--- Study material ---

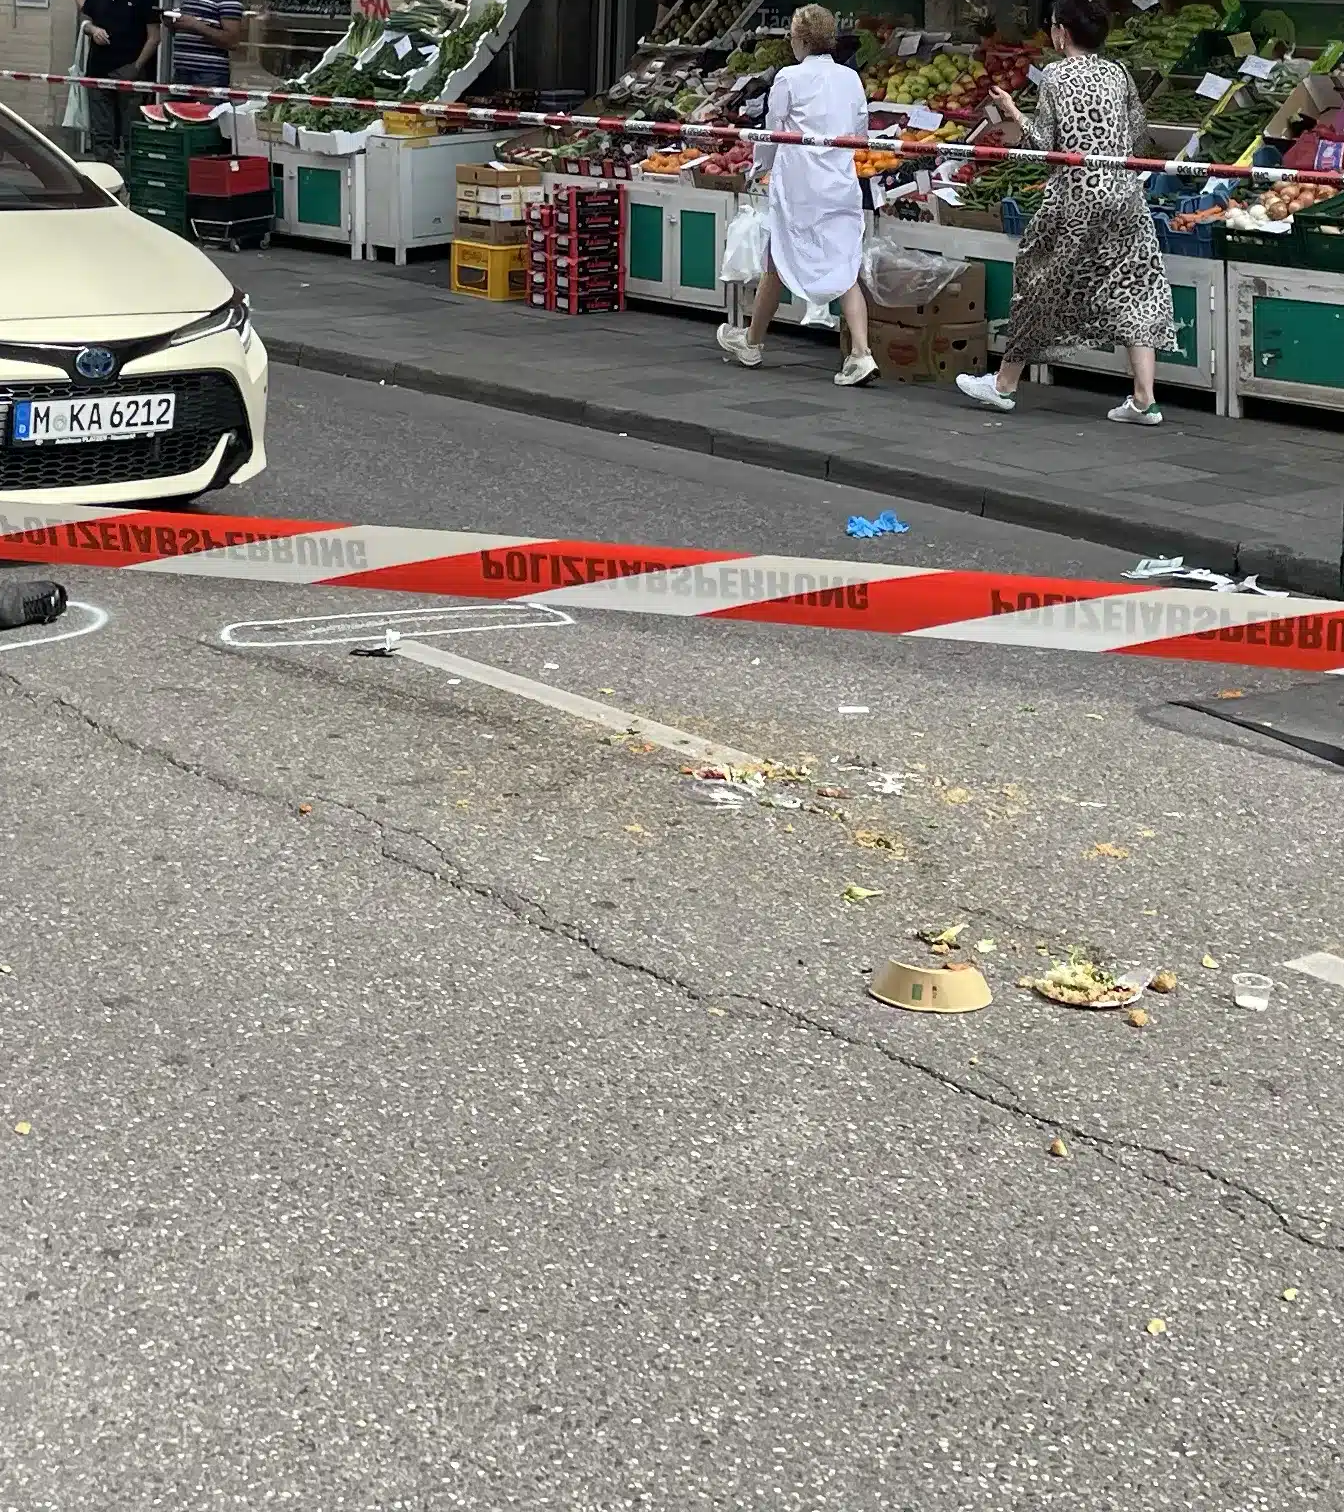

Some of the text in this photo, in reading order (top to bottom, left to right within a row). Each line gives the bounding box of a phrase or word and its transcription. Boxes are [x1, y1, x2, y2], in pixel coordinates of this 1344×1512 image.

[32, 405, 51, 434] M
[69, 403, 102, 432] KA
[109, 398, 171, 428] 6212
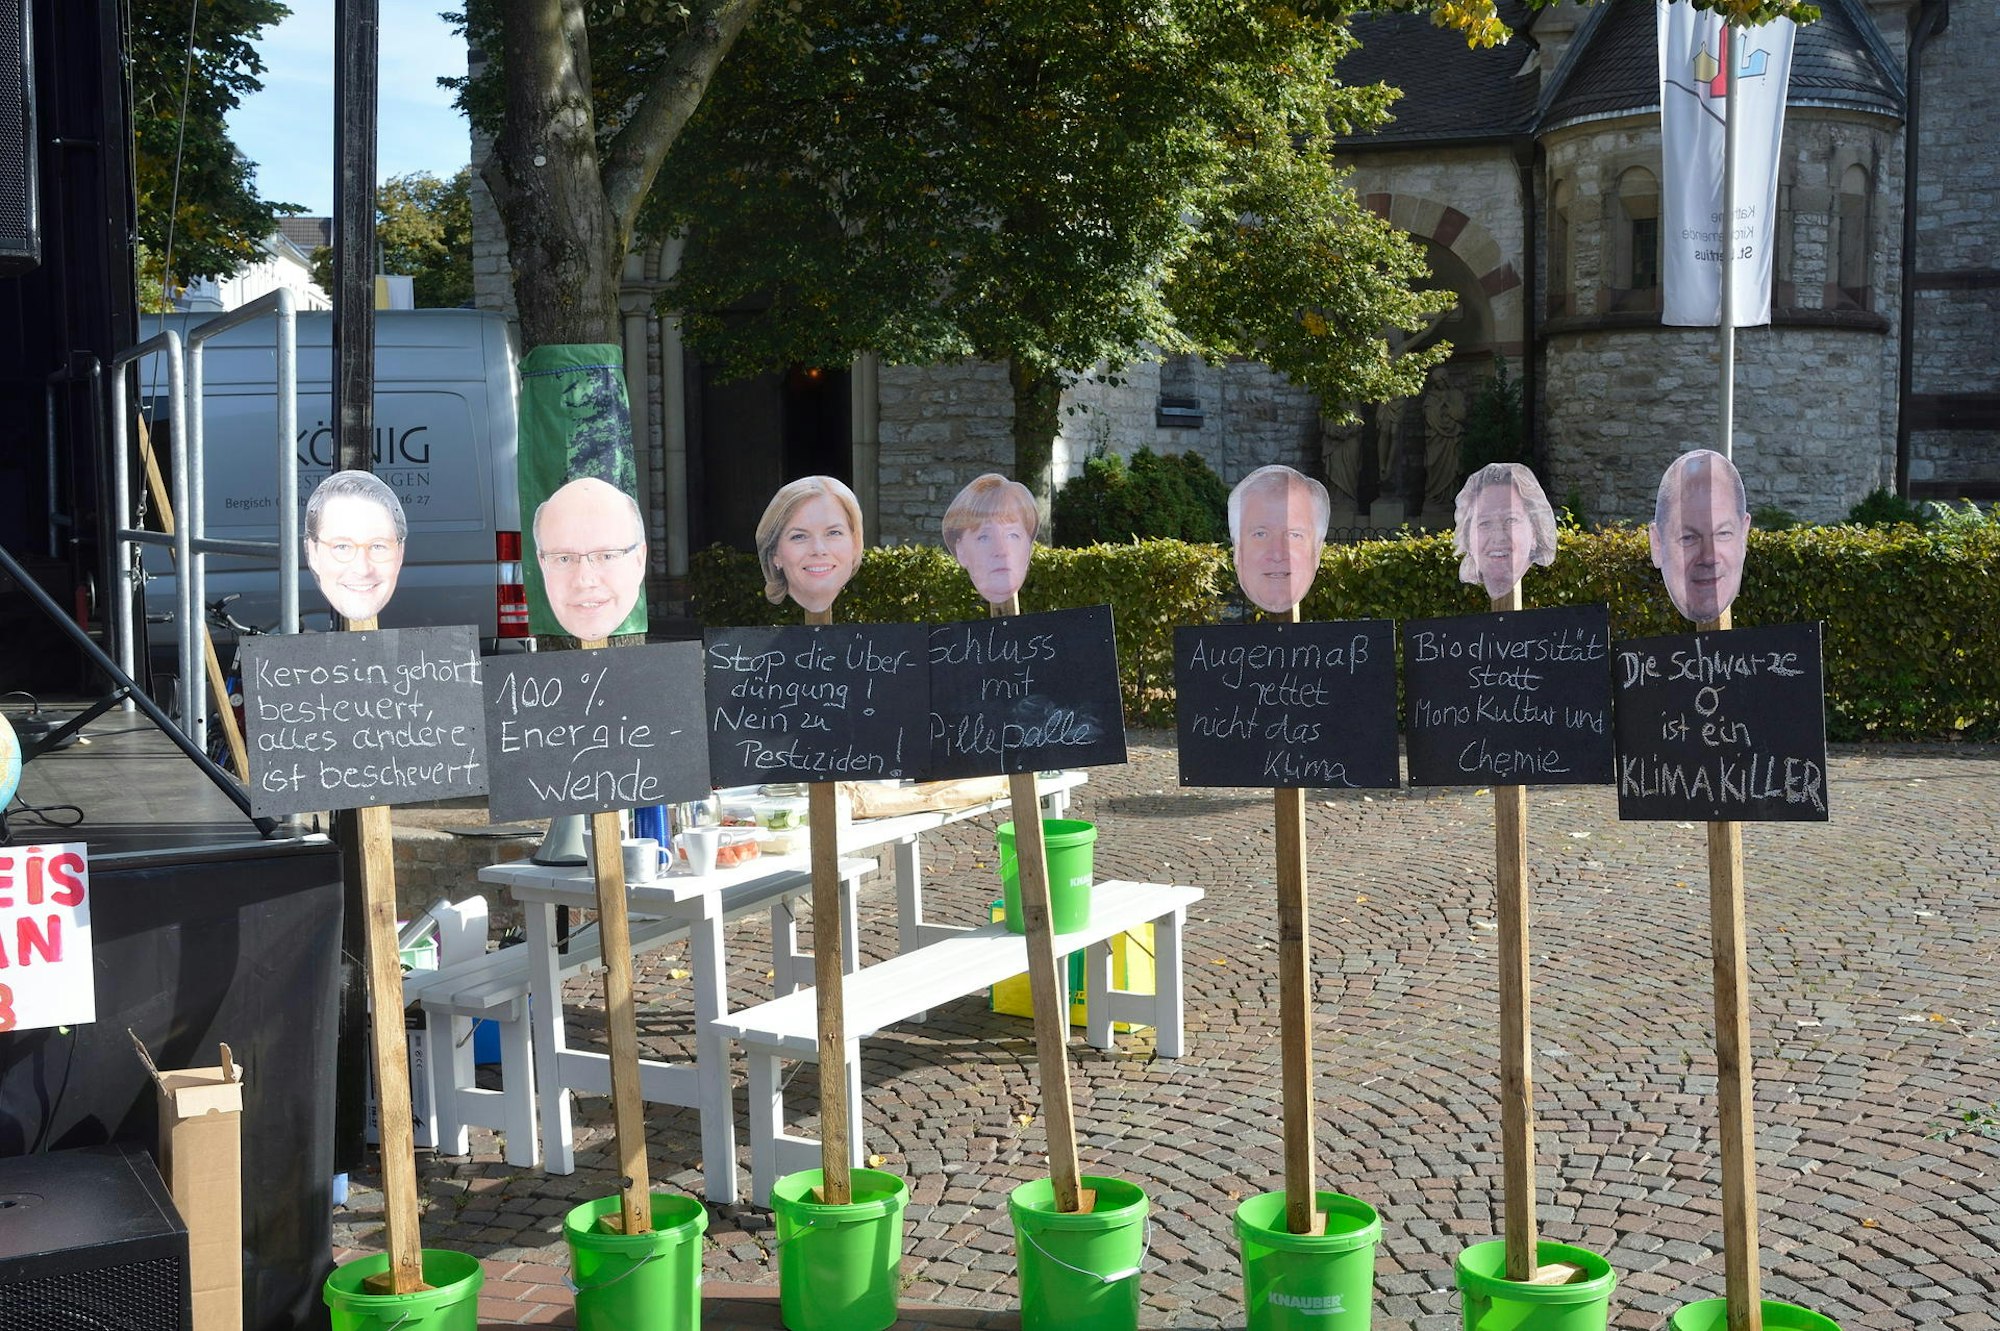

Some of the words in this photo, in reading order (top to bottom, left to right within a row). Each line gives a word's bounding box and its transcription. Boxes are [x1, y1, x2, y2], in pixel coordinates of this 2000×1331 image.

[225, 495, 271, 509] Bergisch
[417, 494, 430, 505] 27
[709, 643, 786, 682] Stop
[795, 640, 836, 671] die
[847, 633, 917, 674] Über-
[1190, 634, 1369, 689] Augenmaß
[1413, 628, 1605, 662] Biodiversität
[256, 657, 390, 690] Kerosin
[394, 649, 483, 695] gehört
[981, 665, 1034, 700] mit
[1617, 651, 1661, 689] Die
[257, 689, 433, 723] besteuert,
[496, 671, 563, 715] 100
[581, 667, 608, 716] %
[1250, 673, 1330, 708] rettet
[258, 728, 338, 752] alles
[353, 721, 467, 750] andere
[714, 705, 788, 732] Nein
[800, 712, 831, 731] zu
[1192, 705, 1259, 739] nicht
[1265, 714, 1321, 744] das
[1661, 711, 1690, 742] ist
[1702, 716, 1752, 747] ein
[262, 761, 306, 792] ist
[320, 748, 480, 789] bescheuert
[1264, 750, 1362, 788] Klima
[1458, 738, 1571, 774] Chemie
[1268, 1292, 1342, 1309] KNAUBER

---

**Exercise description:**
Leaving out any pictures, write the records above out exactly as they are.

**Task output:**
Some of the text in this photo, in reading order (top to bottom, left to right within a row). Each line gives the bounding box of a phrase or word and its transcription. Boxes are [x1, y1, x2, y2], in pixel coordinates of this 1344×1512 image.

[32, 405, 51, 434] M
[69, 403, 102, 432] KA
[109, 398, 171, 428] 6212

Some of the words in this photo, in reading order (top to bottom, left to right within a row). Each line gives a word's bounding box and its transcription. Boxes are [x1, y1, x2, y2], in pixel coordinates of this 2000×1331 image.

[225, 495, 271, 509] Bergisch
[417, 494, 430, 505] 27
[709, 643, 786, 682] Stop
[795, 640, 836, 671] die
[847, 633, 917, 674] Über-
[1190, 634, 1369, 689] Augenmaß
[1413, 628, 1605, 662] Biodiversität
[256, 657, 390, 690] Kerosin
[394, 649, 483, 695] gehört
[981, 665, 1034, 700] mit
[1617, 651, 1661, 689] Die
[257, 689, 433, 723] besteuert,
[496, 671, 563, 715] 100
[581, 667, 608, 716] %
[1250, 673, 1330, 708] rettet
[258, 728, 338, 752] alles
[353, 721, 467, 750] andere
[714, 705, 788, 732] Nein
[800, 712, 831, 731] zu
[1192, 705, 1259, 739] nicht
[1265, 714, 1321, 744] das
[1661, 711, 1690, 742] ist
[1702, 716, 1752, 747] ein
[262, 761, 306, 792] ist
[320, 748, 480, 789] bescheuert
[1264, 750, 1362, 788] Klima
[1458, 738, 1571, 774] Chemie
[1268, 1292, 1342, 1309] KNAUBER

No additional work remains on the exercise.